**MATERIAL PROVIDED**
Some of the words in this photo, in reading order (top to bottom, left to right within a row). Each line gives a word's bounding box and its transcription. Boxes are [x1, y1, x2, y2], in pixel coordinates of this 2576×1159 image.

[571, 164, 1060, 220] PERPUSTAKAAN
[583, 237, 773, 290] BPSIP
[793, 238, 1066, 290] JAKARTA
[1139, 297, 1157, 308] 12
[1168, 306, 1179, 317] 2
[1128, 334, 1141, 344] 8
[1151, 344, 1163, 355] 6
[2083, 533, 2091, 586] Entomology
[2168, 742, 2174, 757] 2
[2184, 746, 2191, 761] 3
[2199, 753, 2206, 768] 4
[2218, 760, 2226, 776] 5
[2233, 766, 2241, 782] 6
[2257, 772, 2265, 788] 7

**INSTRUCTIONS FOR THE TASK**
The answer must be the full listing, written out word for word.

**REPLY**
Some of the words in this photo, in reading order (top to bottom, left to right within a row). Each line gives a word's bounding box and its transcription. Boxes are [x1, y1, x2, y2], in pixel coordinates of this 2576×1159 image.

[571, 164, 1060, 220] PERPUSTAKAAN
[583, 237, 773, 290] BPSIP
[793, 238, 1066, 290] JAKARTA
[1139, 297, 1157, 308] 12
[1168, 306, 1179, 317] 2
[1128, 334, 1141, 344] 8
[1151, 344, 1163, 355] 6
[2083, 533, 2091, 586] Entomology
[2168, 742, 2174, 757] 2
[2184, 746, 2191, 761] 3
[2199, 753, 2206, 768] 4
[2218, 760, 2226, 776] 5
[2233, 766, 2241, 782] 6
[2257, 772, 2265, 788] 7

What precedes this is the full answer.